Kasus Guru P3K Tewas di Mes Polisi, Keluarga Minta Pengawalan Propam Polda Sumbar

1 day ago 15

Langgam.id – Keluarga dari mendiang IPP (32), guru Pegawai Pemerintah dengan Perjanjian Kerja (PPPK) yang ditemukan meninggal dunia di kamar mes polisi di Nagari Salido, Kecamatan IV Jurai, Kabupaten Pesisir Selatan (Pessel) datangi Polda Sumbar, Kamis (2/7/2026).

Kedatangan keluarga korban didampingi penasihat hukum keluarga korban, Rodi Chanda meminta pengawasan langsung dari Bidang Profesi dan Pengamanan (Propam) terhadap proses penyelidikan kasus tersebut.

Pada kesempatan itu, ia meminta Propam untuk mengawasi proses penyelidikan di Polres Pessel, sekaligus meminta perlindungan kepada keluarga agar tidak ada intervensi dari pihak lain.

“Karena ini berkaitan dengan aparat penegak hukum dan kejadiannya juga terjadi di mes polisi, sehingga keluarga perlu perlindungan hukum,” ujarnya.

Menurutnya, laporan terkait kematian korban telah ditangani oleh Polres Pesisir Selatan.

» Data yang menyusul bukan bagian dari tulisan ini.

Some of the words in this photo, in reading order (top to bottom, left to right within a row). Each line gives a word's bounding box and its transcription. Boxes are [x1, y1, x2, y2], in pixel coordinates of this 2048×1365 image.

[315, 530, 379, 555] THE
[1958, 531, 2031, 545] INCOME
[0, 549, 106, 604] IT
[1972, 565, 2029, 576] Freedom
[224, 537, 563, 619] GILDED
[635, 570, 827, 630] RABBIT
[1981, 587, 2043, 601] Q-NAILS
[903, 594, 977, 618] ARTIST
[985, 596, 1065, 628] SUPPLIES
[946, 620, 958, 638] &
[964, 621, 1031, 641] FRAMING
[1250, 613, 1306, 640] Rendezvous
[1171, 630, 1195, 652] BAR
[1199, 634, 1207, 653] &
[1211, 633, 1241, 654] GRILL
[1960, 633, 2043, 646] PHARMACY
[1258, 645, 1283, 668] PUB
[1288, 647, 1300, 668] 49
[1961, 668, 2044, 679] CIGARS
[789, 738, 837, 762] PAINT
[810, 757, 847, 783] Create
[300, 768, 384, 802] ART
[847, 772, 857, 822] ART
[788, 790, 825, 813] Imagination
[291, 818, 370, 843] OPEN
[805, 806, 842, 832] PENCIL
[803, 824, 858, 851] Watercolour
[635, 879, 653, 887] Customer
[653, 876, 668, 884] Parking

Namun, keluarga menilai pengawasan dari institusi internal kepolisian tetap diperlukan mengingat lokasi kejadian berada di lingkungan mes polisi.

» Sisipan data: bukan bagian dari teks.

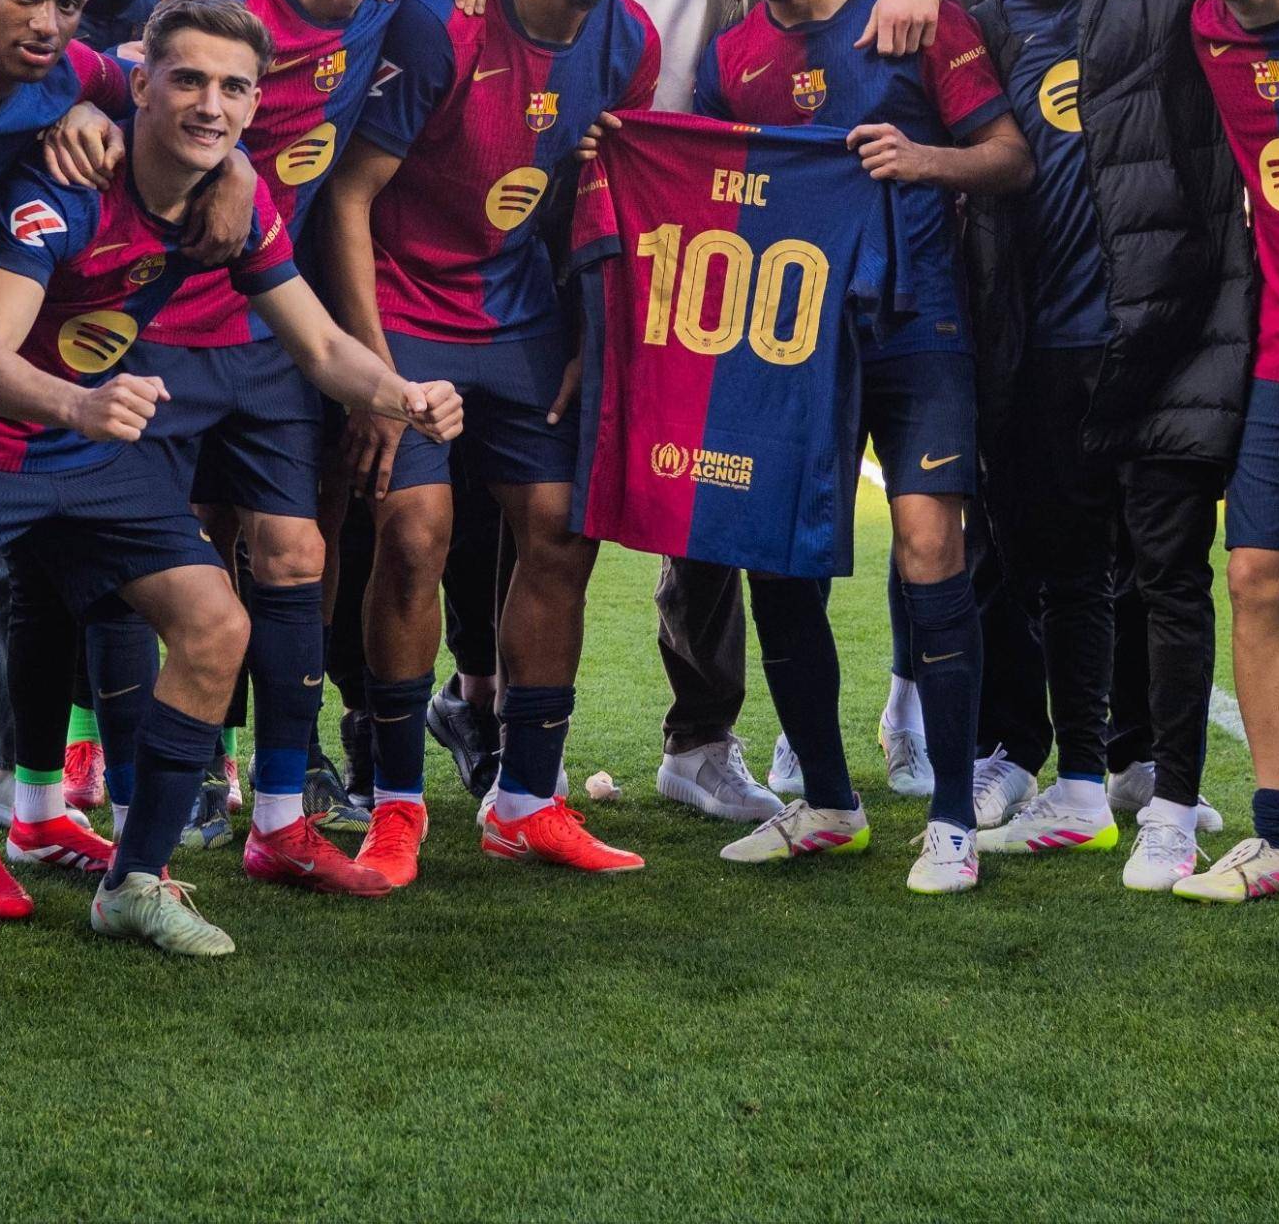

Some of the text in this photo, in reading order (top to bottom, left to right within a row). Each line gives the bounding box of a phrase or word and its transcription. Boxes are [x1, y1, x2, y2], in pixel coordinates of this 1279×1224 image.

Ia mengaku hingga saat ini keluarga belum mengalami intimidasi. Meski demikian, pihaknya mencatat adanya kedatangan anggota kepolisian setelah korban selesai menjalani visum di rumah sakit yang meminta agar autopsi tidak dilakukan.

“Sebelumnya ketika korban ditemukan dan selesai divisum di rumah sakit, ada pihak kepolisian yang datang meminta agar tidak dilakukan autopsi. Hal itu juga sudah kami laporkan ke Polres Pessel,” katanya.

Rodi menambahkan, keluarga berharap keterlibatan Propam dapat memperkuat pengawasan terhadap proses penyelidikan sehingga seluruh tahapan penanganan perkara dapat berjalan secara terbuka dan akuntabel.

Ia juga mengakui bahwa pada awal penanganan perkara, keluarga sempat merasa kesulitan memperoleh informasi terkait perkembangan kasus. Namun setelah dilakukan pendampingan hukum, komunikasi antara penyidik dan keluarga mulai terjalin lebih baik.

“Awalnya keluarga tidak mendapatkan perkembangan informasi. Namun setelah kami melakukan pendampingan hukum, pihak Polres sudah menemui keluarga untuk menjelaskan perkembangan kasus,” ujarnya.

Sementara itu, Kabid Humas Polda Sumbar, Kombes Pol Susmelawati Rosya, menegaskan bahwa penyelidikan kasus penemuan jasad guru PPPK tersebut masih terus berlangsung secara intensif di Polres Pesisir Selatan.

Berdasarkan hasil koordinasi dengan Kapolres Pesisir Selatan, penyidik telah melakukan pemeriksaan terhadap sejumlah saksi, baik dari pihak keluarga maupun rekan kerja penghuni mes tempat korban ditemukan.

“Hasil konfirmasi dengan Kapolres Pesisir Selatan, saat ini penyelidikan dilakukan secara intensif. Sudah dilakukan pendalaman dan pemeriksaan saksi-saksi baik dari pihak keluarga maupun rekan kerja penghuni mes,” katanya.

Selain pemeriksaan saksi, kepolisian juga telah melakukan autopsi terhadap jasad korban guna memastikan penyebab kematian. Sejumlah sampel yang diambil saat autopsi saat ini masih menjalani pemeriksaan laboratorium di Padang dan Jakarta.

“Saat ini pemeriksaan laboratorium masih berlangsung. Kemungkinan hasilnya keluar dalam satu hingga dua hari ke depan,” ujarnya.